### What needs to be done:
All of the records should be reproduced word for word, but no images may appear in the copy.

### Data extract:
------------------------------------------------------------

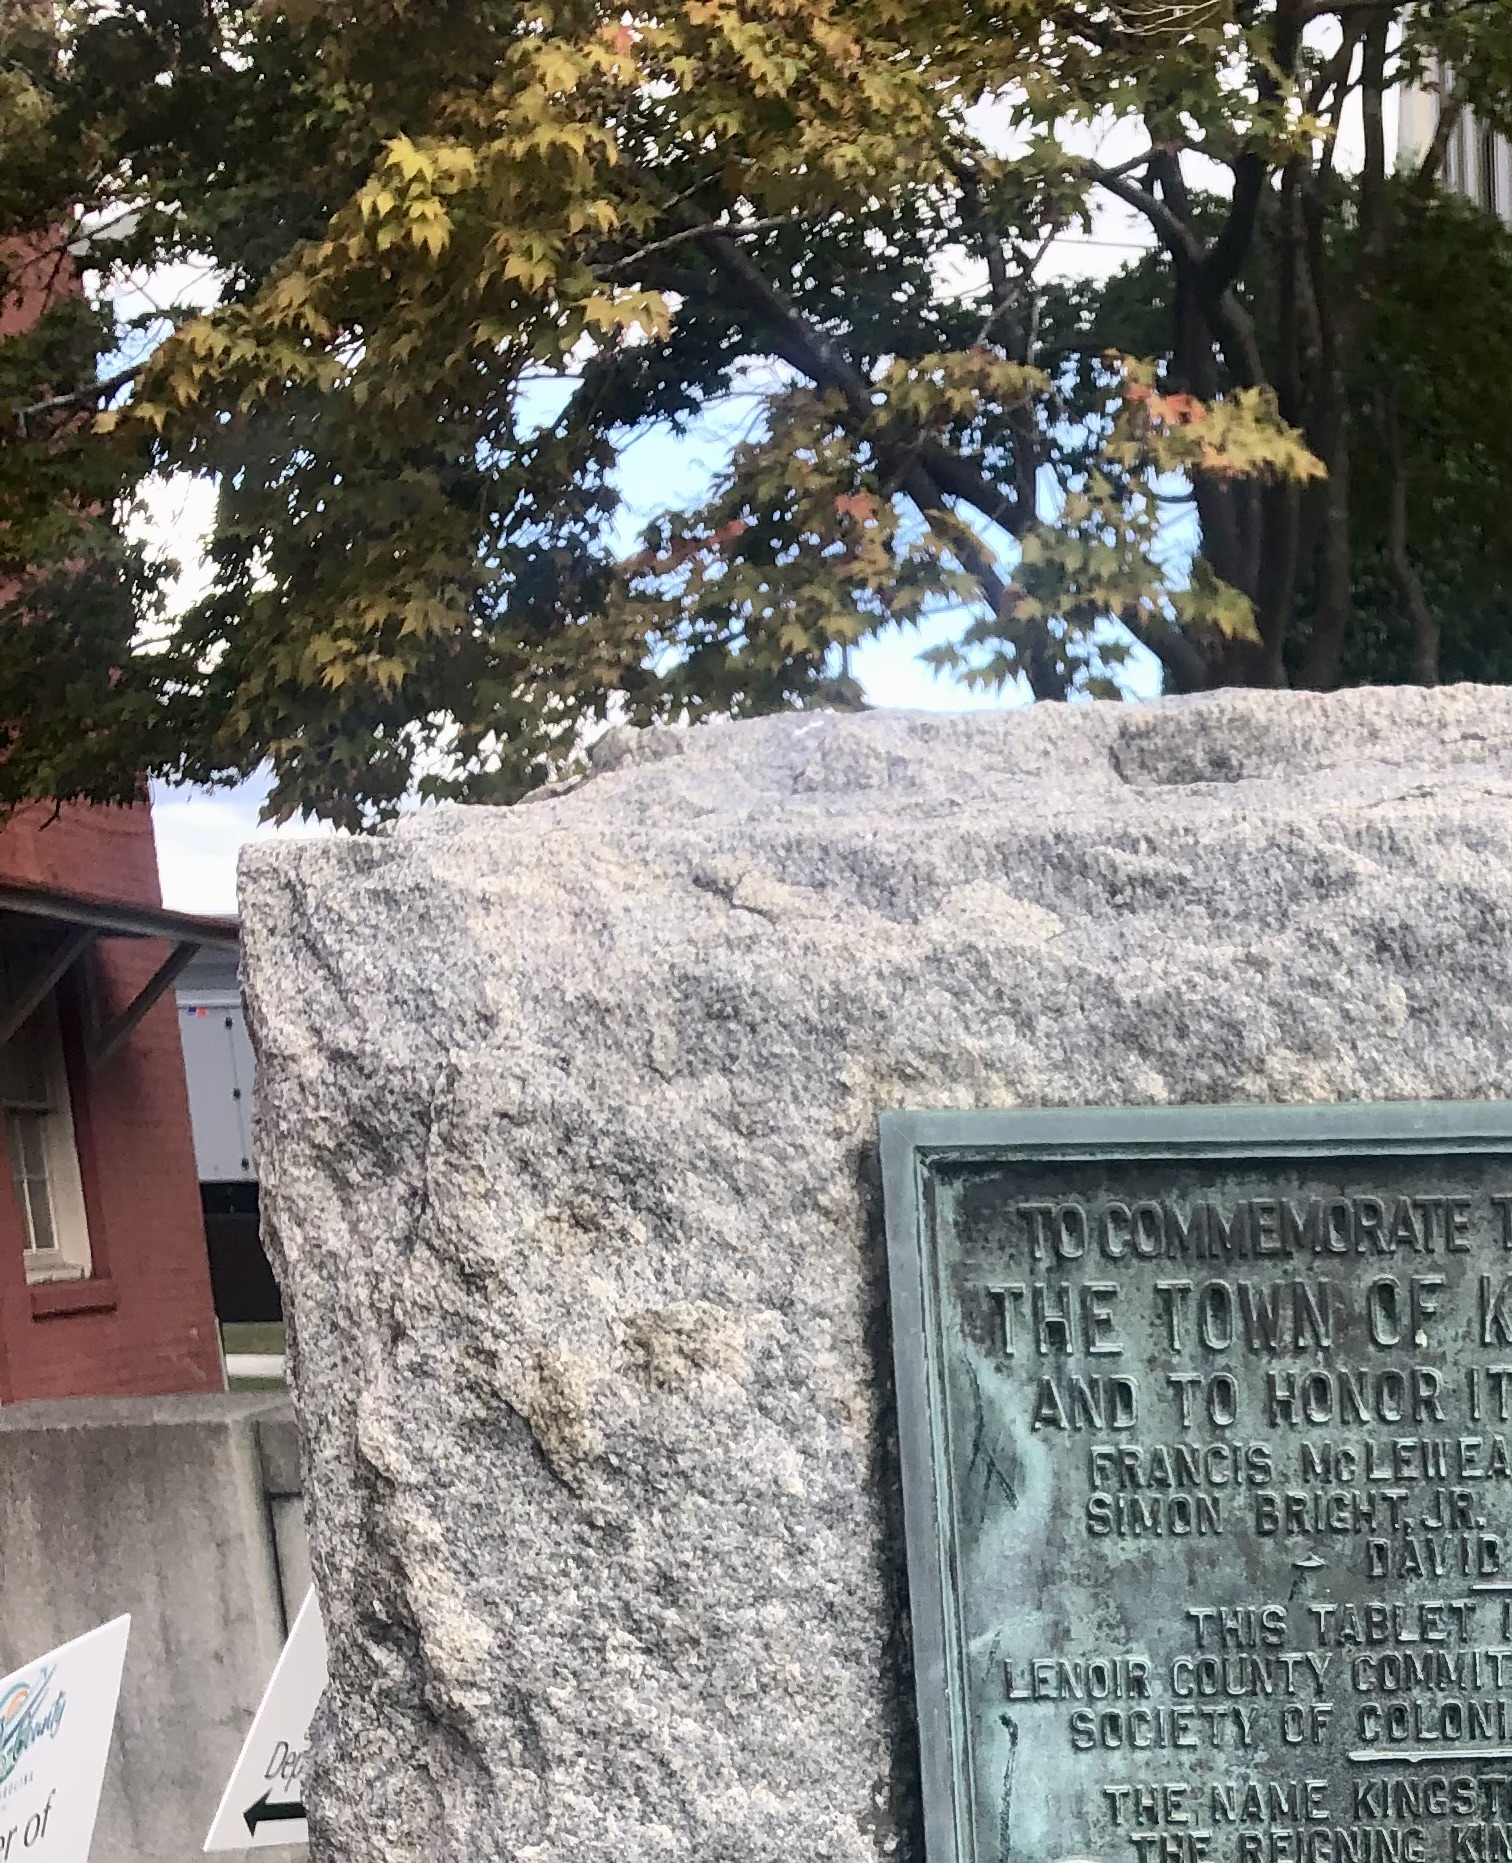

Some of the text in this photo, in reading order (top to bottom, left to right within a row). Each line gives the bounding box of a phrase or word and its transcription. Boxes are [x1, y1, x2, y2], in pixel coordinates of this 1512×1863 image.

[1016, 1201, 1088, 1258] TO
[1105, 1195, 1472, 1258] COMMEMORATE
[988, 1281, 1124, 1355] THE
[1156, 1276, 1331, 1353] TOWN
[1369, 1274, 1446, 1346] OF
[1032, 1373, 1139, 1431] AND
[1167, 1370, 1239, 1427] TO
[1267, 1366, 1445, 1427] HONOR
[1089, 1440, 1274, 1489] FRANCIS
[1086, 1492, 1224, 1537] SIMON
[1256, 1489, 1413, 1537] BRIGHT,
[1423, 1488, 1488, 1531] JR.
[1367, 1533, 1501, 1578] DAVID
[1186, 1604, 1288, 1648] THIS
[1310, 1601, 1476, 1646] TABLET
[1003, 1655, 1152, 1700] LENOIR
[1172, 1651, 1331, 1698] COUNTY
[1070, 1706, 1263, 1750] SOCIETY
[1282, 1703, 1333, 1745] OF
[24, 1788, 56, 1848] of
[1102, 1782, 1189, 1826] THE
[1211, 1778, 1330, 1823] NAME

------------------------------------------------------------

### Response to this task:
Some of the text in this photo, in reading order (top to bottom, left to right within a row). Each line gives the bounding box of a phrase or word and its transcription. Boxes are [x1, y1, x2, y2], in pixel coordinates of this 1512×1863 image.

[1016, 1201, 1088, 1258] TO
[1105, 1195, 1472, 1258] COMMEMORATE
[988, 1281, 1124, 1355] THE
[1156, 1276, 1331, 1353] TOWN
[1369, 1274, 1446, 1346] OF
[1032, 1373, 1139, 1431] AND
[1167, 1370, 1239, 1427] TO
[1267, 1366, 1445, 1427] HONOR
[1089, 1440, 1274, 1489] FRANCIS
[1086, 1492, 1224, 1537] SIMON
[1256, 1489, 1413, 1537] BRIGHT,
[1423, 1488, 1488, 1531] JR.
[1367, 1533, 1501, 1578] DAVID
[1186, 1604, 1288, 1648] THIS
[1310, 1601, 1476, 1646] TABLET
[1003, 1655, 1152, 1700] LENOIR
[1172, 1651, 1331, 1698] COUNTY
[1070, 1706, 1263, 1750] SOCIETY
[1282, 1703, 1333, 1745] OF
[24, 1788, 56, 1848] of
[1102, 1782, 1189, 1826] THE
[1211, 1778, 1330, 1823] NAME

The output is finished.